Recommendations in the Emissions Report 2022 go further and specifically set out what regional bodies, local authorities and businesses can do to help reduce emissions across energy, industry, transport, buildings and more.
Once again, it is encouraging that Ambition North Wales is already delivering on many of the recommended actions for regional bodies, and is well-placed for further action. The full guidance is summarised at the bottom of this article, but some highlights include:
- Energy: Plan for a just fossil fuel phase out – the Growth Deal is supporting roll out of a Smart Local Energy project across the region, supporting community-owned energy; the Hydrogen Hub project will help decarbonising agriculture and industry transition to green hydrogen.
- Zero carbon industrial processes - the Growth Deal is supporting innovation, research and development in environmental biotechnology (replacing harsh chemical and fossil fuel based industrial processes with biologically derived enzymes) and lighter-weight, more efficient composites materials. Research centres aim to operate at net zero and reduce embodied carbon emissions, while also improving biodiversity.
- Buildings: implement zero emissions buildings: all projects delivered by the Growth Deal will aim for net zero emissions and 40% reduced embodied carbon.
But targets are not enough: we need to deliver on them so that the region can benefit from the skills and jobs boost from a proactive shift to a low carbon economy.

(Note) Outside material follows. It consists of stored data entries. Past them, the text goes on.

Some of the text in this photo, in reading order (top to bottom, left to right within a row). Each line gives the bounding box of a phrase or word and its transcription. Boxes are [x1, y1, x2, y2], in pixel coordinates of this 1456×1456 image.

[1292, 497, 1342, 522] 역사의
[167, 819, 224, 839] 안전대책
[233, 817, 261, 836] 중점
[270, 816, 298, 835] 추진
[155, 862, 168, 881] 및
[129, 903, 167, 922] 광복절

And the rewards are substantial if we do, with estimates of an £11bn Revenue Boost to the Welsh Economy if we Hit Net Zero Targets.
So while we must enjoy the progress we’re making – we must recognise more work is to be done to deliver the well-being for Future Generations recognised in our ground-breaking government Act and not rely on our children to clear up mess that we make now:
- A Resilient North Wales: We must increase action tackling the ecological crisis that risks undermining our economy and food security in the region.

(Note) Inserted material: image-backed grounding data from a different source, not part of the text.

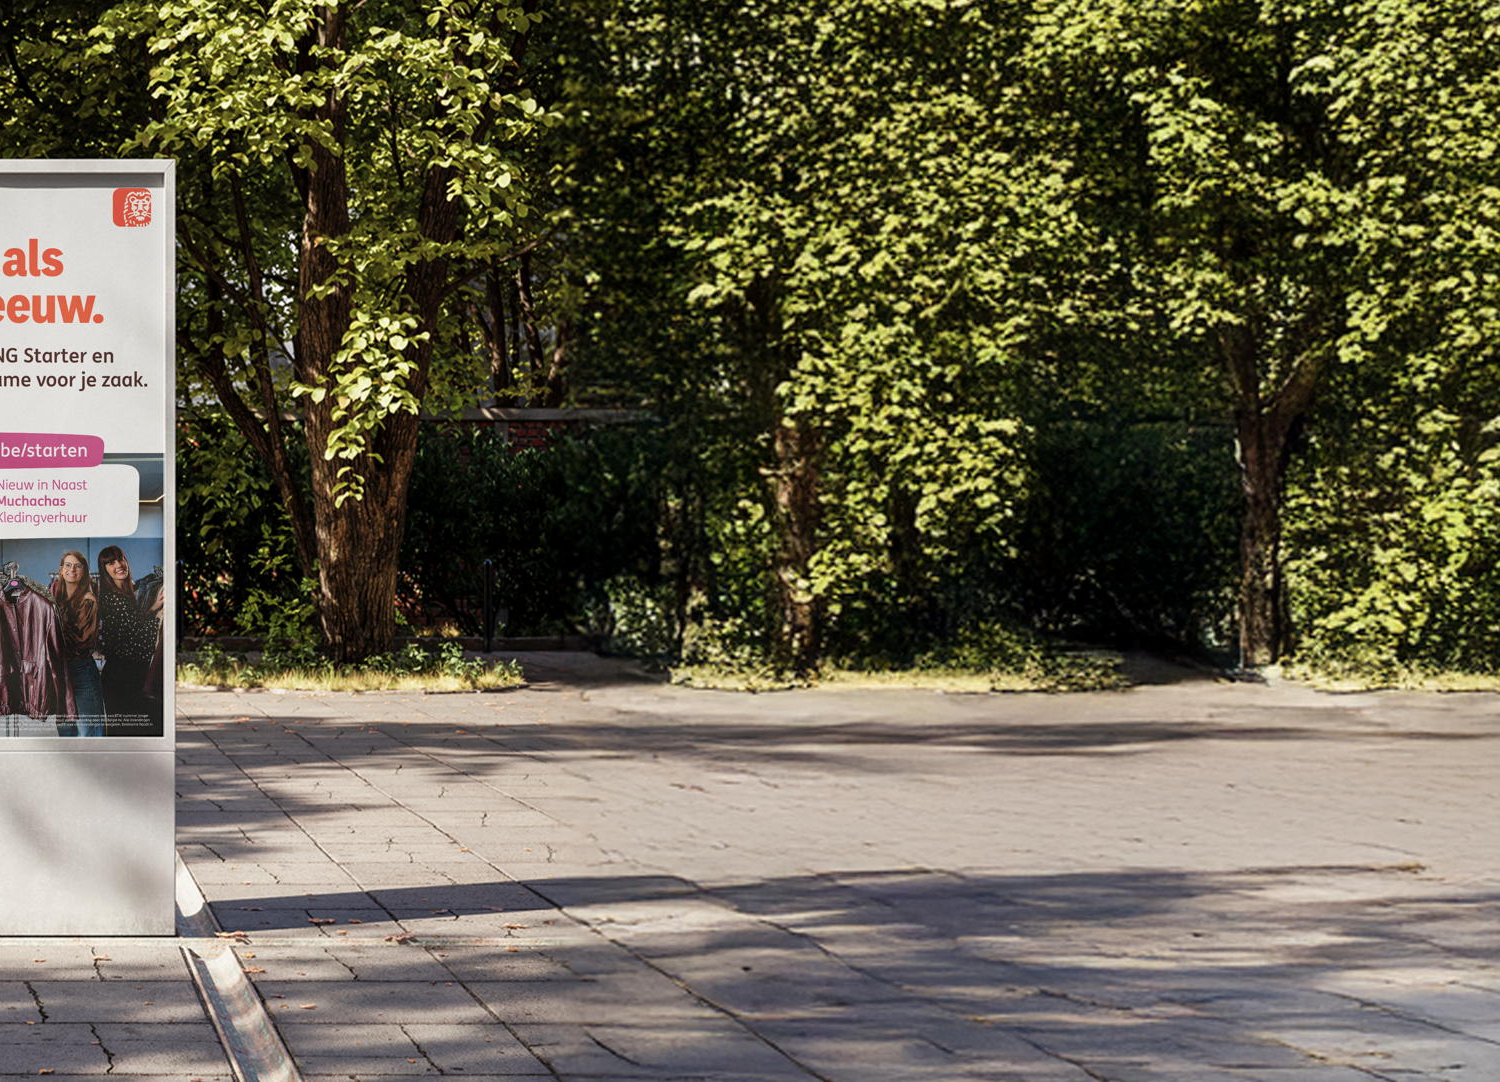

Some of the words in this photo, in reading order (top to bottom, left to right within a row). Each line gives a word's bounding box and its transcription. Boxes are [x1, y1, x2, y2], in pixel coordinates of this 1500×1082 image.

[2, 238, 64, 277] als
[23, 347, 87, 364] Starter
[92, 352, 114, 364] en
[36, 375, 76, 387] voor
[79, 371, 97, 391] je
[102, 371, 148, 387] zaak.
[38, 479, 49, 490] in
[52, 479, 88, 491] Naast

- A Prosperous North Wales: We must ensure all infrastructure commissioned is fit for the future – that it can withstand greater extremes of heat and cold, and is designed to avoid or handle regular flooding from rising seas or flooded rivers. Around 1023, King Canute failed to turn back the rising tide; lets avoid repeating the same lesson 1,000 years later.
- A more equal North Wales: In doing all the above, we must ensure we focus on a just transition for those communities most vulnerable in our region, geographically, socially and economically.
These are significant challenges, against challenging economic headwinds, further reinforcing the message that every decision must count across all these priorities. I hope Ambition North Wales colleagues, local authority and business leaders feel encouraged by our efforts to lead action in this critical area, and that they look now at ways to consolidate our achievements and move forward confidently towards a sustainable and resilient future for our region.
About the author: Robyn Lovelock is a programme manager for Ambition North Wales, leading on realising benefits from the over £1 billion Growth Deal investment into North Wales. A graduate in Geography and Politics from Aberystwyth University and with an MBA from Warwick University School of Business, she has spent more than 20 years delivering sustainable development projects around the world and in Wales. She lives in Llangollen with her husband and two young children.